| Source data |
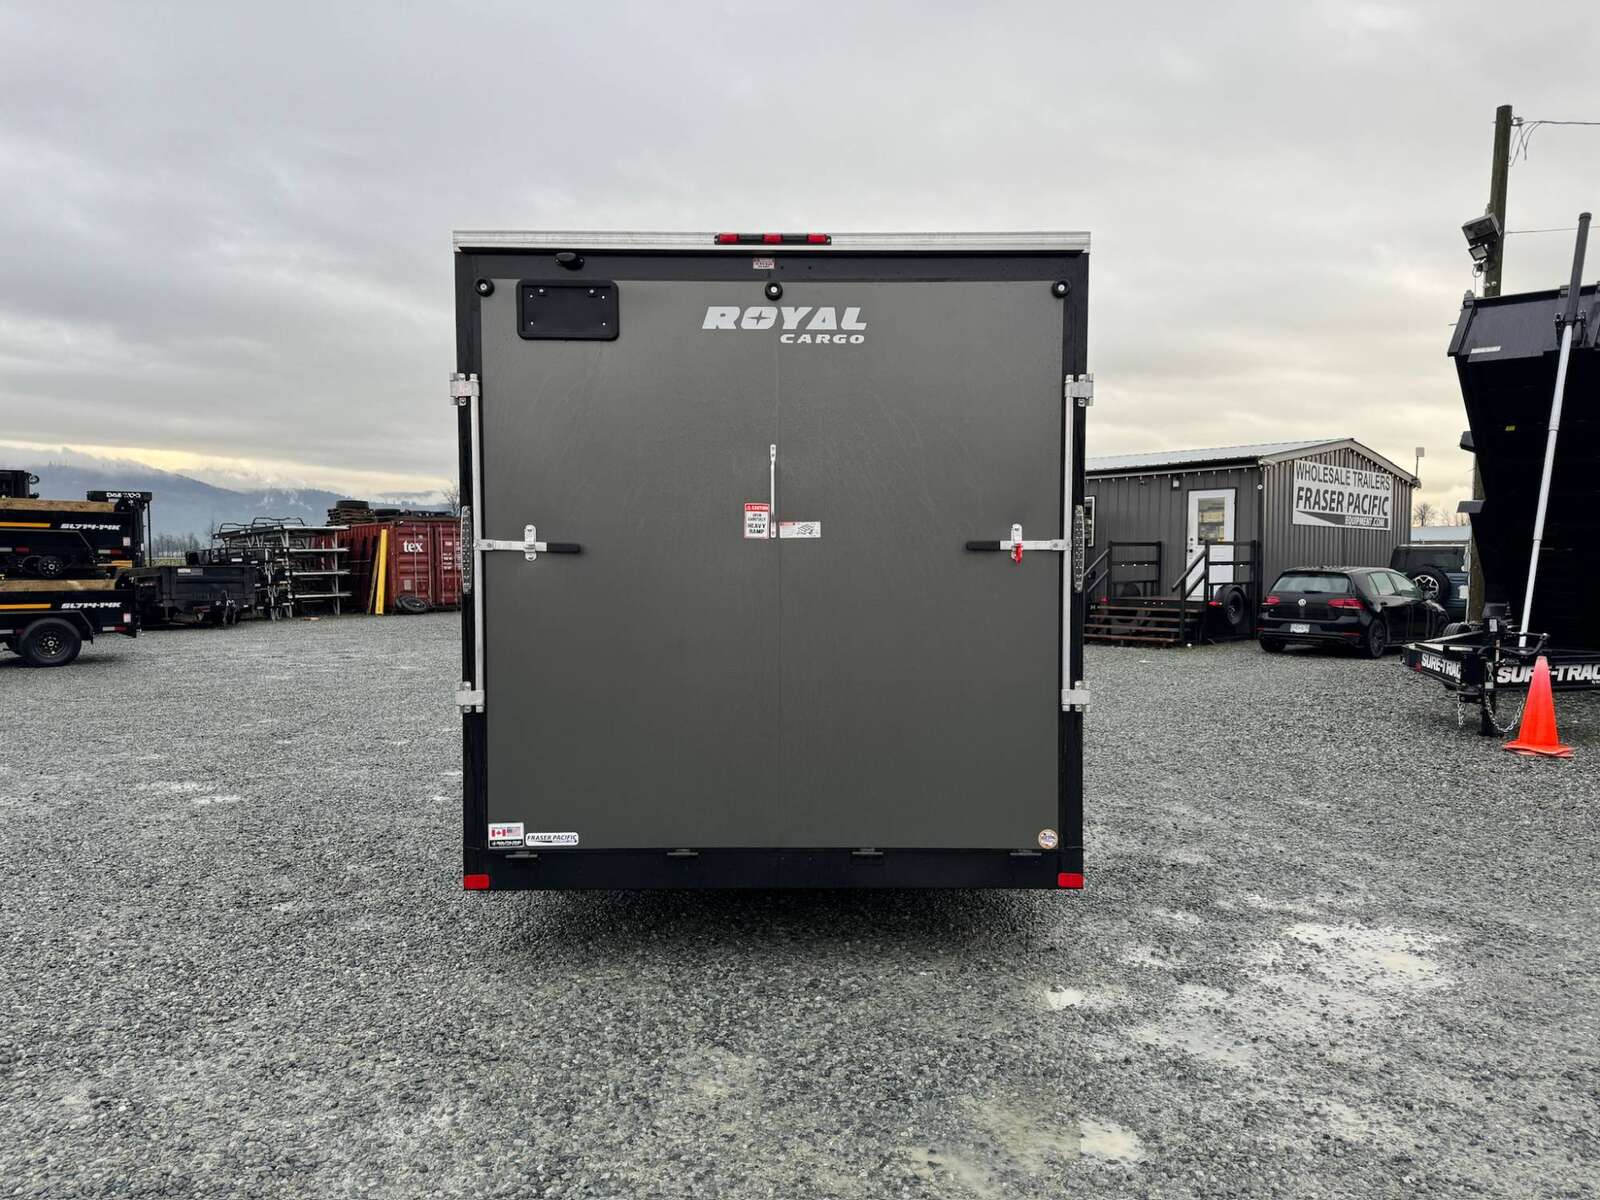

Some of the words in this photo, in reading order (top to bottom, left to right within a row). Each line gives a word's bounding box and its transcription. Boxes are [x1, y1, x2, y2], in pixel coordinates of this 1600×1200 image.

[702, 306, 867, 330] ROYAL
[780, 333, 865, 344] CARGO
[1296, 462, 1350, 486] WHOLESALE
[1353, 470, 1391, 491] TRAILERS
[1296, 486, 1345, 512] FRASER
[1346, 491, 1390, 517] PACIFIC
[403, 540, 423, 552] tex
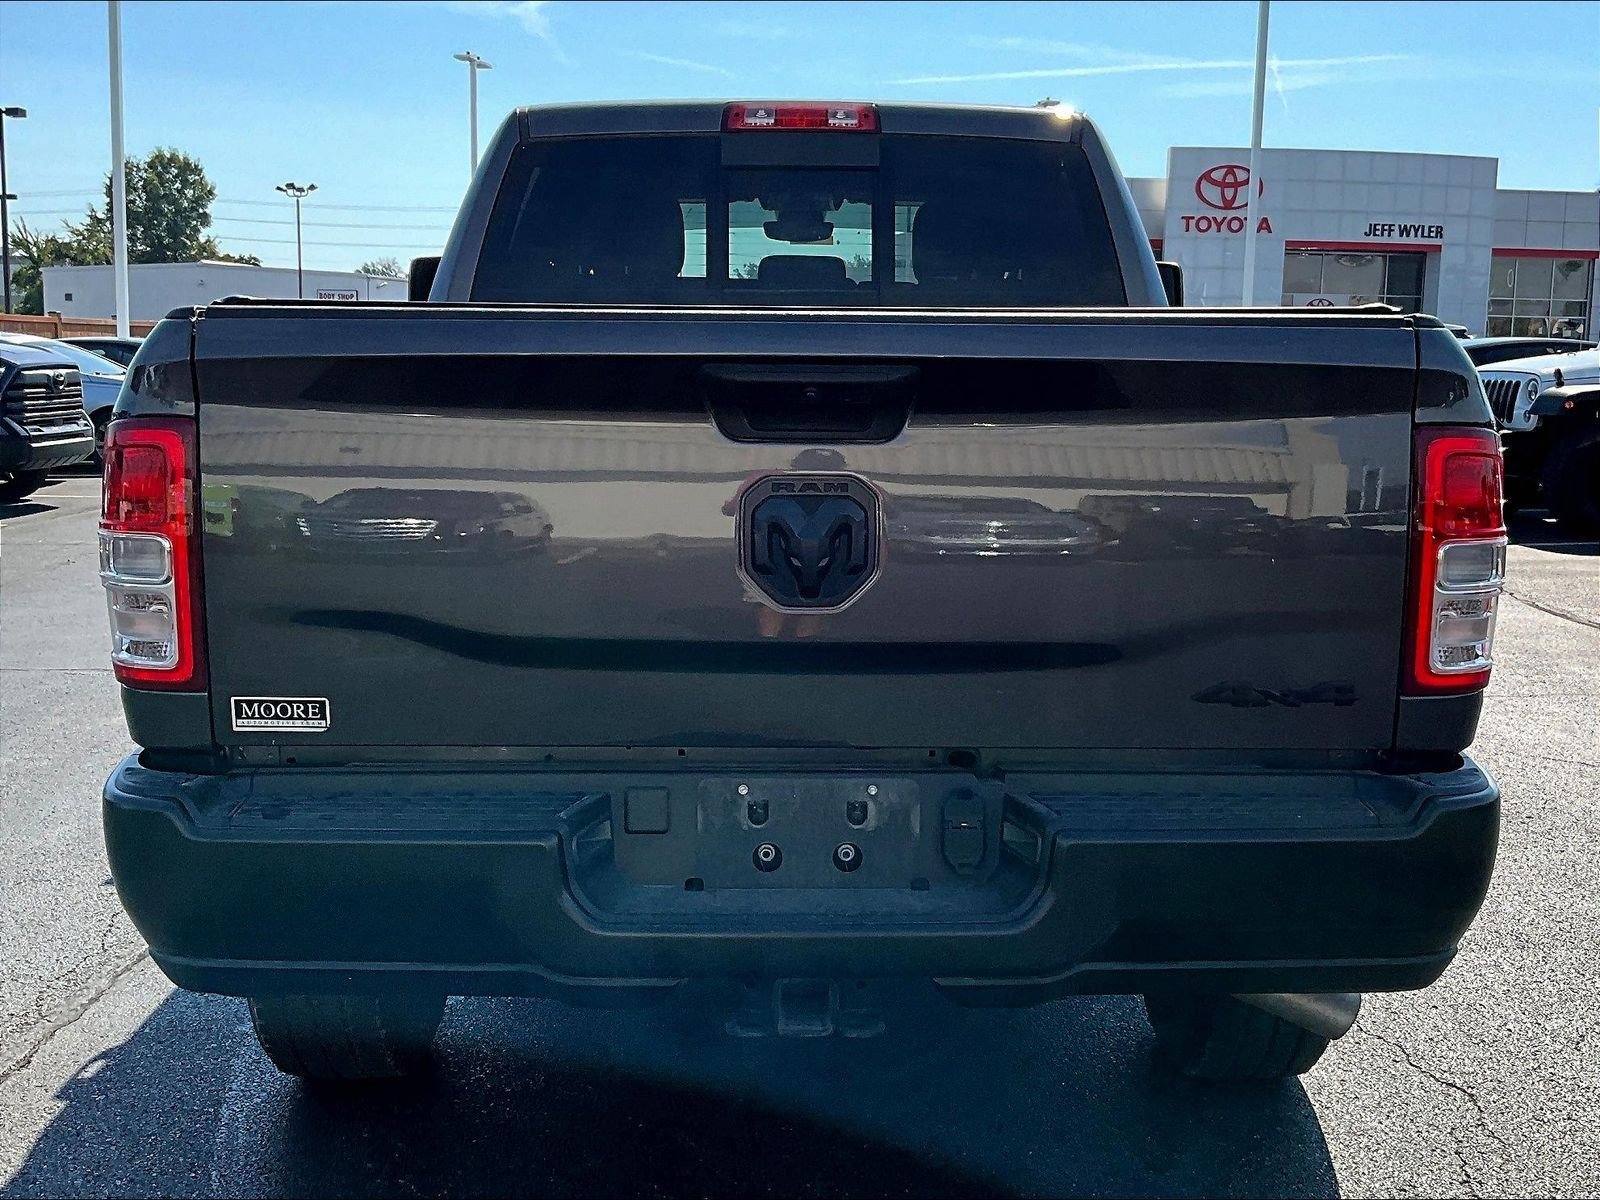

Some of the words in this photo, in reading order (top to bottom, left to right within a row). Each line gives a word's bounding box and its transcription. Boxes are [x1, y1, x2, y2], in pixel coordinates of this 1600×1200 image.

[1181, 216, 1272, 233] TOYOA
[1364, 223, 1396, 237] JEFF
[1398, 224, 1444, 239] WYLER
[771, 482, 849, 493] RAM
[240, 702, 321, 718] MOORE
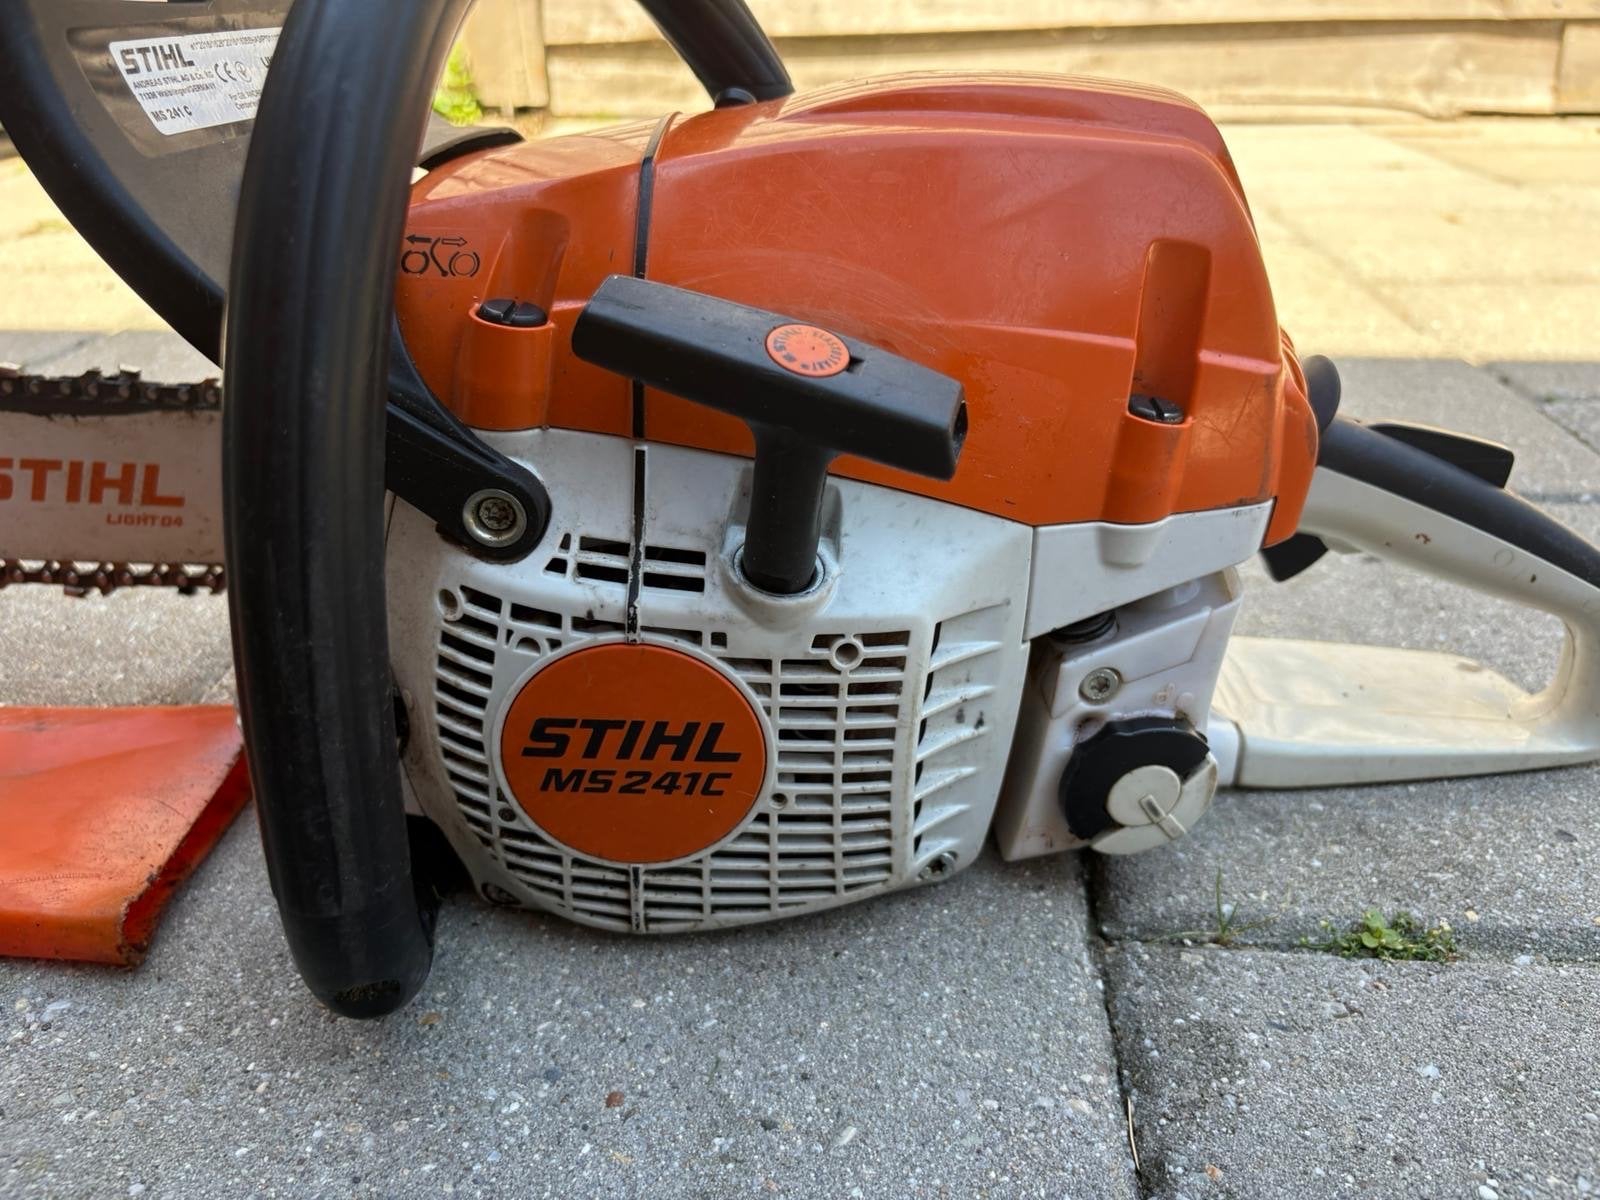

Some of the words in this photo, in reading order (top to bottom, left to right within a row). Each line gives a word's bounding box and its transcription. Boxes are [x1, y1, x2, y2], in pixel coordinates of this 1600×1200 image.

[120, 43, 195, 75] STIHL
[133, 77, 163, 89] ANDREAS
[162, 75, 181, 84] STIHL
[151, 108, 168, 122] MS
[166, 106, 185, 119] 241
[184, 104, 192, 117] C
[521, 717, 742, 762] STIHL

| Assigned task |
Where an entry contains an image, drop the image and copy everything else word for word.

| Solution to this problem |
Some of the words in this photo, in reading order (top to bottom, left to right within a row). Each line gives a word's bounding box and its transcription. Boxes are [x1, y1, x2, y2], in pixel coordinates of this 1600×1200 image.

[702, 306, 867, 330] ROYAL
[780, 333, 865, 344] CARGO
[1296, 462, 1350, 486] WHOLESALE
[1353, 470, 1391, 491] TRAILERS
[1296, 486, 1345, 512] FRASER
[1346, 491, 1390, 517] PACIFIC
[403, 540, 423, 552] tex

Some of the words in this photo, in reading order (top to bottom, left to right within a row). Each line gives a word's bounding box and its transcription. Boxes are [x1, y1, x2, y2], in pixel coordinates of this 1600×1200 image.

[1181, 216, 1272, 233] TOYOA
[1364, 223, 1396, 237] JEFF
[1398, 224, 1444, 239] WYLER
[771, 482, 849, 493] RAM
[240, 702, 321, 718] MOORE

Some of the words in this photo, in reading order (top to bottom, left to right within a row). Each line gives a word's bounding box and its transcription. Boxes are [x1, y1, x2, y2], in pixel coordinates of this 1600×1200 image.

[120, 43, 195, 75] STIHL
[133, 77, 163, 89] ANDREAS
[162, 75, 181, 84] STIHL
[151, 108, 168, 122] MS
[166, 106, 185, 119] 241
[184, 104, 192, 117] C
[521, 717, 742, 762] STIHL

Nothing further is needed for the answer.